=== Begin Enclosure ===

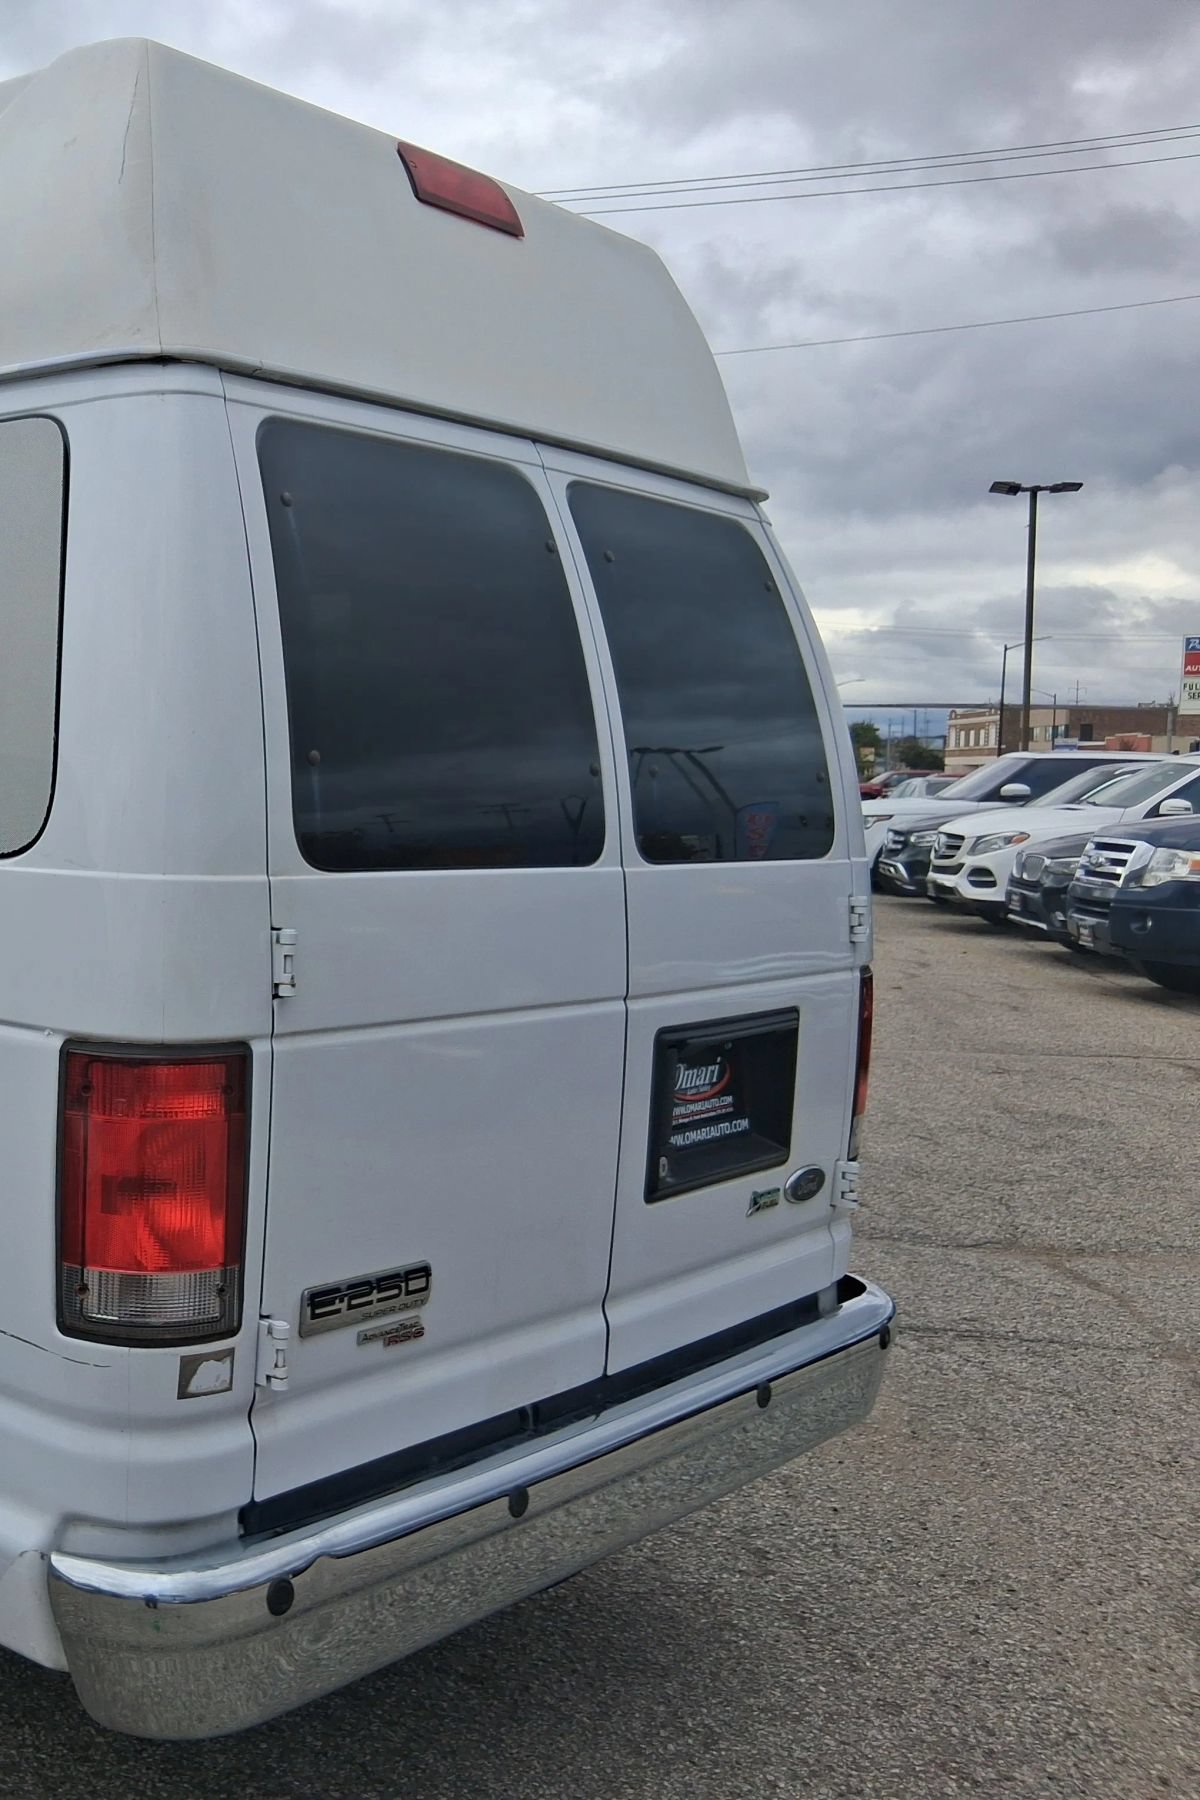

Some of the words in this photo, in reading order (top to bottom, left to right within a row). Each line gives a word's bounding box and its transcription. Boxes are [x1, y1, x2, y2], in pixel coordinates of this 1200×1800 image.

[1185, 664, 1200, 672] AU
[669, 1118, 749, 1147] WW.OMARIAUTO.COM
[308, 1265, 432, 1320] E-250
[361, 1305, 396, 1320] SUPER
[398, 1298, 426, 1311] DUTY
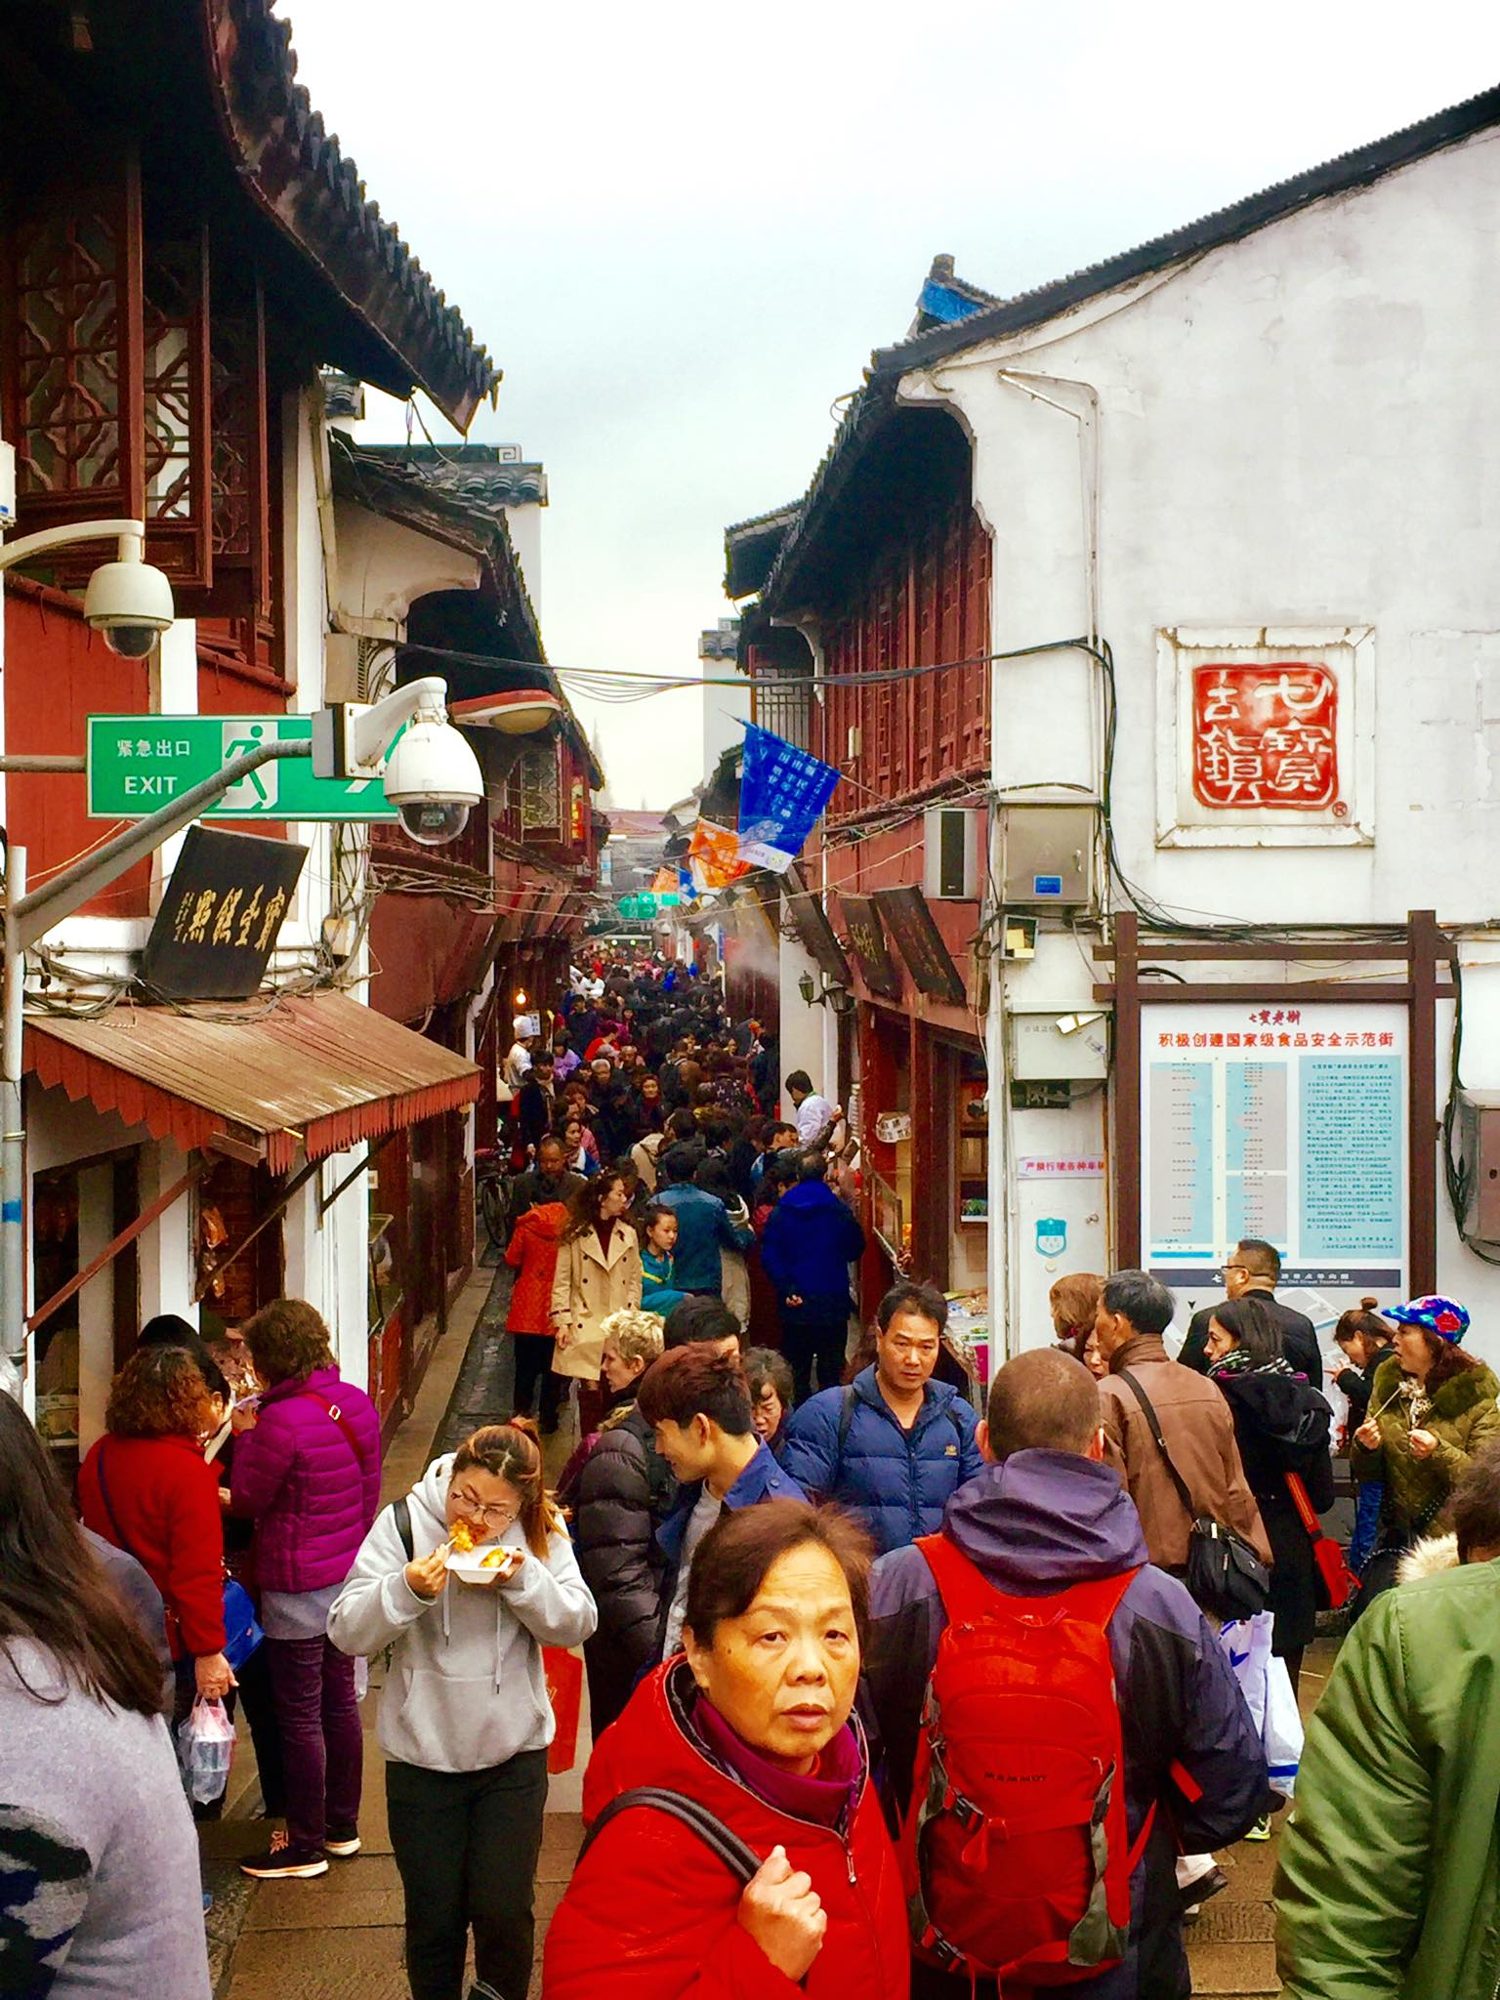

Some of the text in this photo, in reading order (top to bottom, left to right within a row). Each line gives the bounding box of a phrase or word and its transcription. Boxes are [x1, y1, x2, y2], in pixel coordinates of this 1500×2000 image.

=== End Enclosure ===

• **WHAT IS NEEDED**: Omit all images when repeating the data above exactly.

• **EXPECTED OUTPUT**:
Some of the words in this photo, in reading order (top to bottom, left to right within a row). Each line gives a word's bounding box and its transcription. Boxes are [x1, y1, x2, y2], in pixel coordinates of this 1200×1800 image.

[1185, 664, 1200, 672] AU
[669, 1118, 749, 1147] WW.OMARIAUTO.COM
[308, 1265, 432, 1320] E-250
[361, 1305, 396, 1320] SUPER
[398, 1298, 426, 1311] DUTY

Some of the text in this photo, in reading order (top to bottom, left to right within a row). Each line gives the bounding box of a phrase or word and its transcription. Boxes are [x1, y1, x2, y2], in pixel coordinates of this 1500×2000 image.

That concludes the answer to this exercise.